What the task requires> Only the images are to be dropped; the records themselves must be repeated exactly.

Provided entries>
——————————
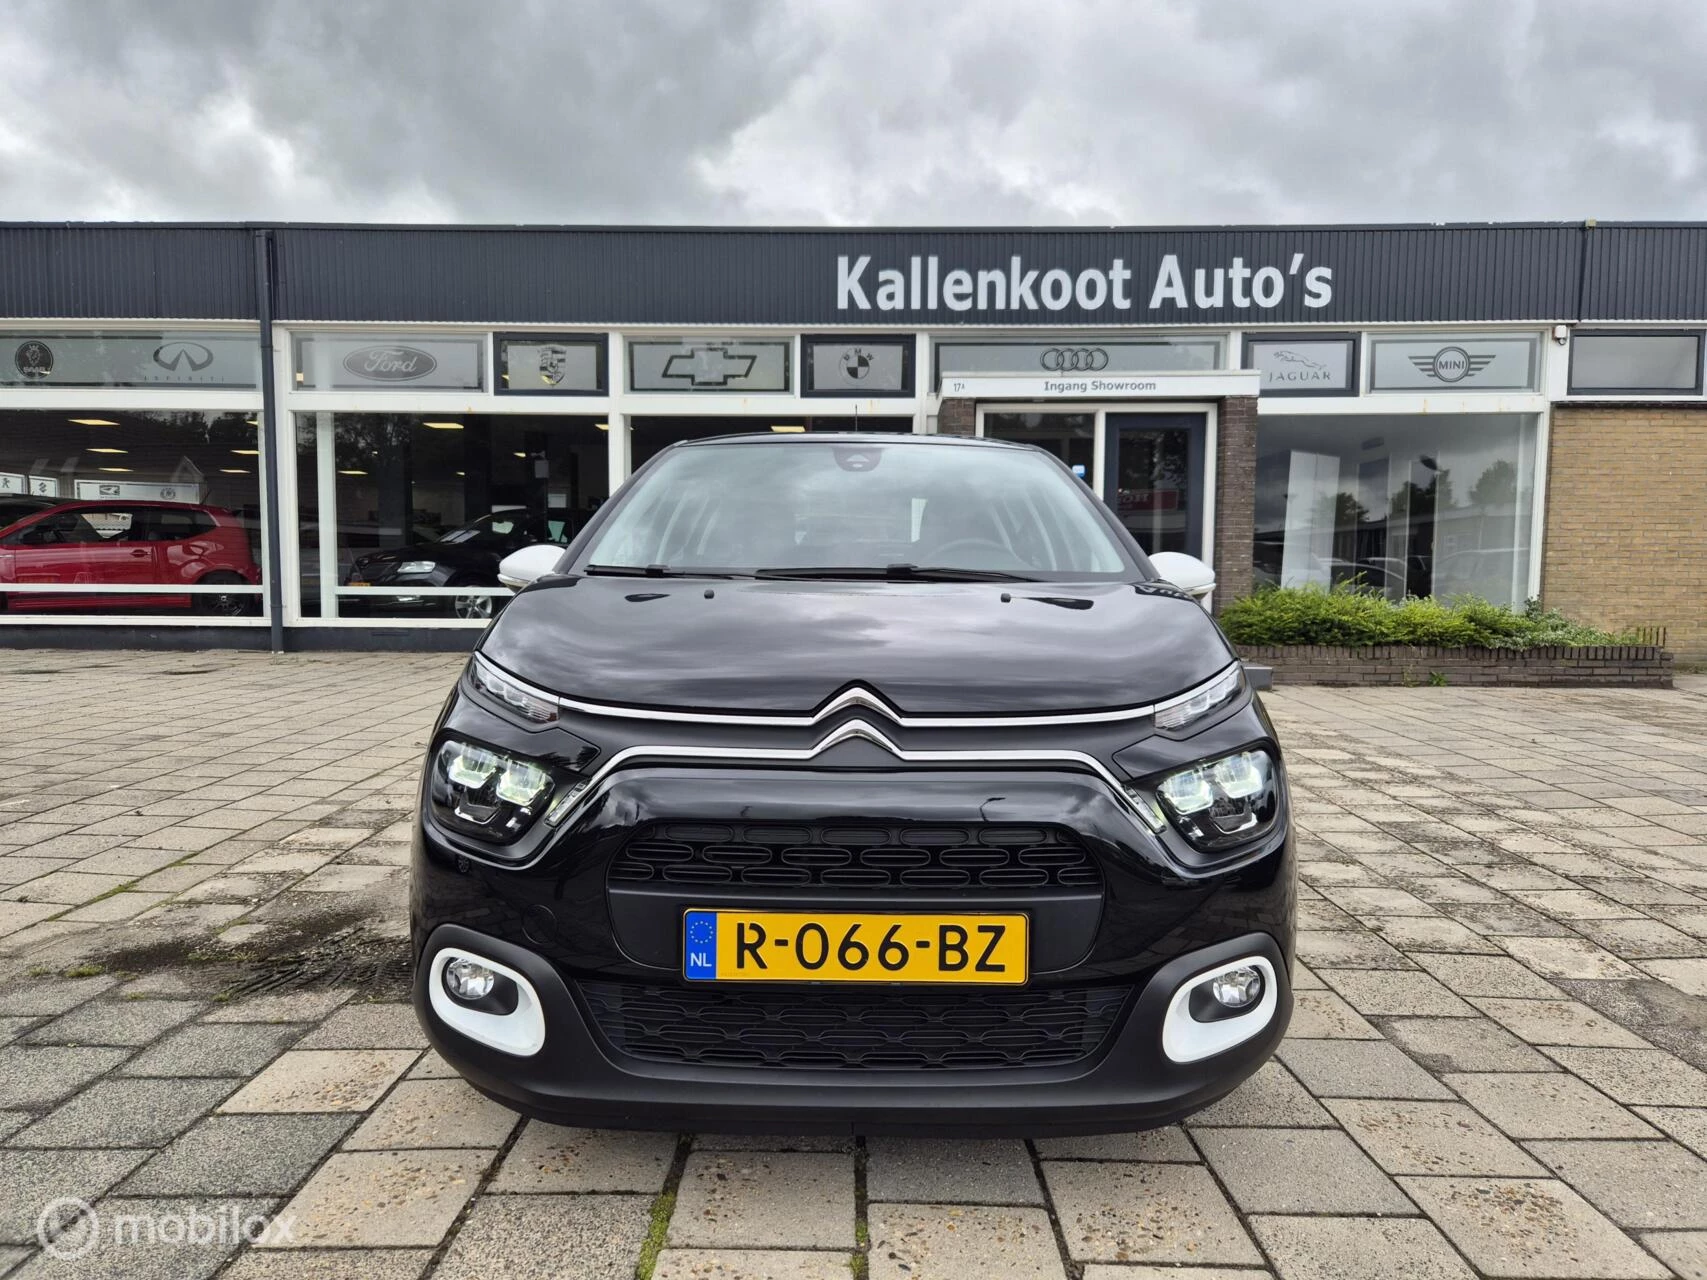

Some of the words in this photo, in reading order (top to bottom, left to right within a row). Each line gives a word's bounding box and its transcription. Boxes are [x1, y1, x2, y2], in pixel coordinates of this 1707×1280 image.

[837, 255, 1131, 310] Kallenkoot
[1149, 253, 1332, 308] Auto's
[364, 350, 418, 372] Ford
[1438, 360, 1465, 370] MINI
[1269, 371, 1331, 382] JAGUAR
[1044, 381, 1087, 393] Ingang
[1091, 380, 1156, 391] Showroom
[736, 922, 1006, 973] R-066-BZ
[690, 952, 712, 967] NL
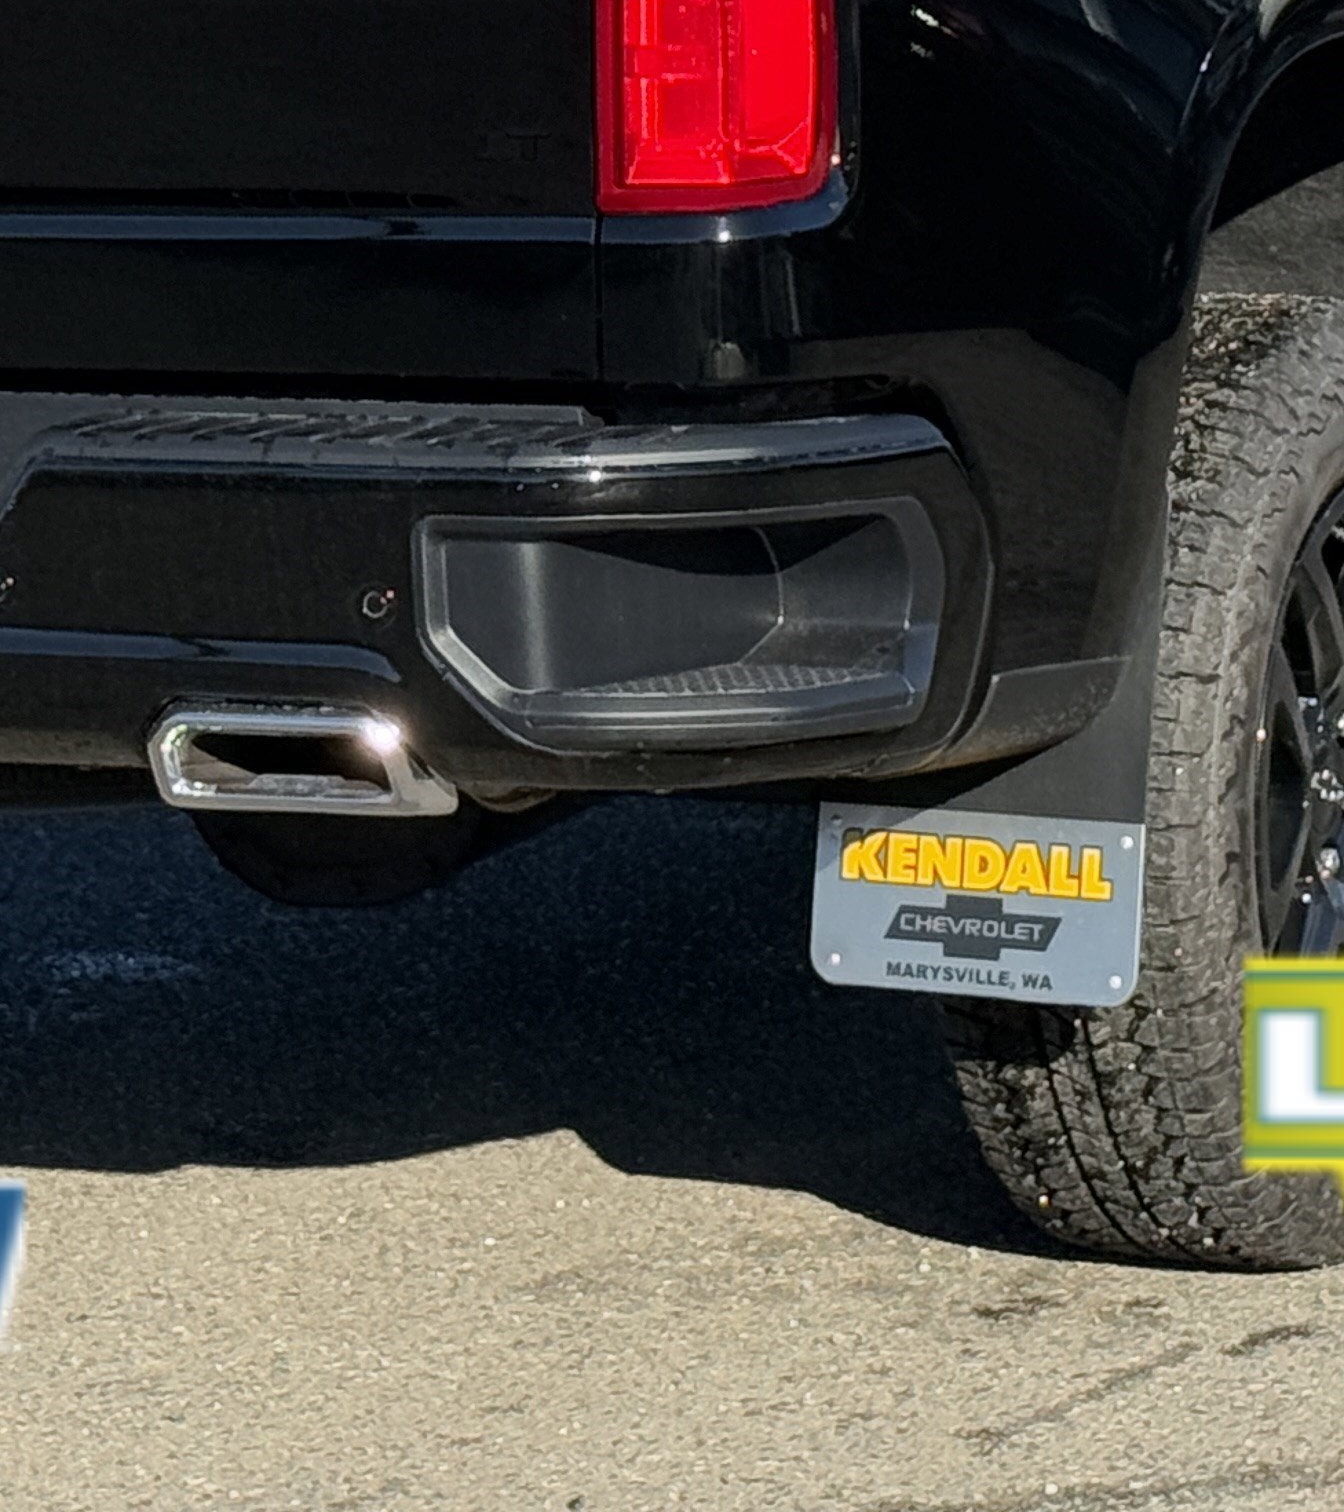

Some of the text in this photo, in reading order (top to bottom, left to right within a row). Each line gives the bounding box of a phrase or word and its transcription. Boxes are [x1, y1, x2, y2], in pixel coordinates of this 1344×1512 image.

[839, 826, 1113, 902] KENDALL
[899, 912, 1044, 943] CHEVROLET
[886, 961, 1053, 991] MARYSVILLE, WA
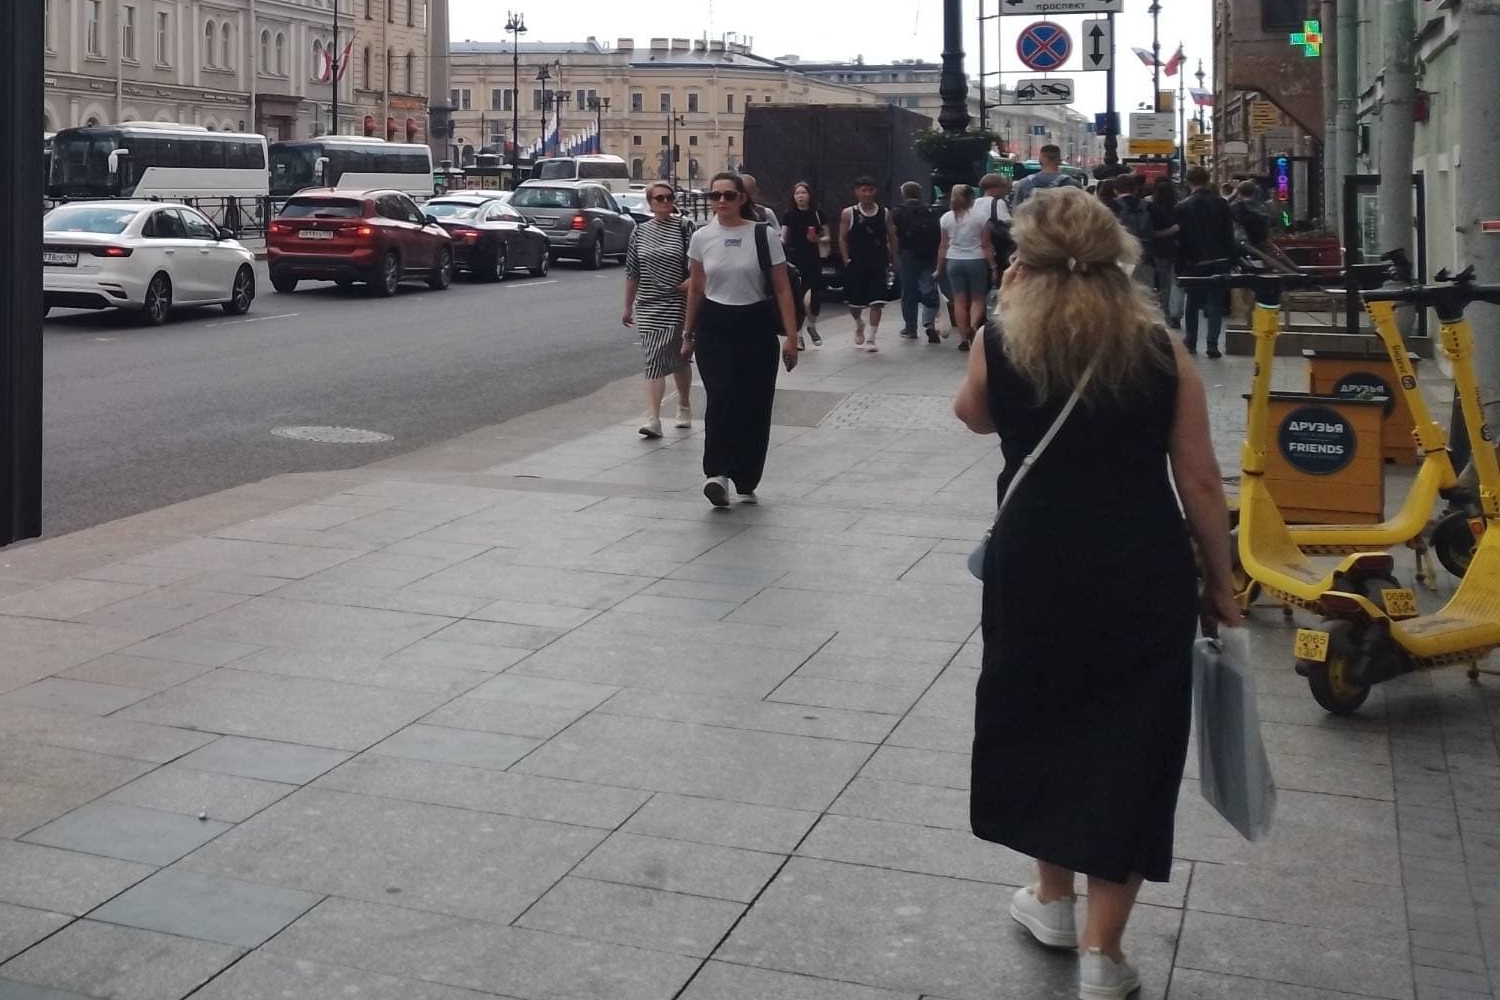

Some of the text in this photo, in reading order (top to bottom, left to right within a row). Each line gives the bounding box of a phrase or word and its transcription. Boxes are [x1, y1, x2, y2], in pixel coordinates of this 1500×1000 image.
——————————
Answer>
Some of the words in this photo, in reading order (top to bottom, left to right within a row). Each line gives a word's bounding box and its transcription. Boxes are [x1, y1, x2, y2], in pixel coordinates of this 1707×1280 image.

[837, 255, 1131, 310] Kallenkoot
[1149, 253, 1332, 308] Auto's
[364, 350, 418, 372] Ford
[1438, 360, 1465, 370] MINI
[1269, 371, 1331, 382] JAGUAR
[1044, 381, 1087, 393] Ingang
[1091, 380, 1156, 391] Showroom
[736, 922, 1006, 973] R-066-BZ
[690, 952, 712, 967] NL

Some of the text in this photo, in reading order (top to bottom, left to right within a row). Each line gives the bounding box of a phrase or word and its transcription. Boxes are [x1, y1, x2, y2], in pixel coordinates of this 1344×1512 image.

[839, 826, 1113, 902] KENDALL
[899, 912, 1044, 943] CHEVROLET
[886, 961, 1053, 991] MARYSVILLE, WA

Some of the text in this photo, in reading order (top to bottom, left to right within a row). Each line gives the bounding box of a phrase or word and its transcription. Boxes are [x1, y1, x2, y2], in pixel coordinates of this 1500×1000 image.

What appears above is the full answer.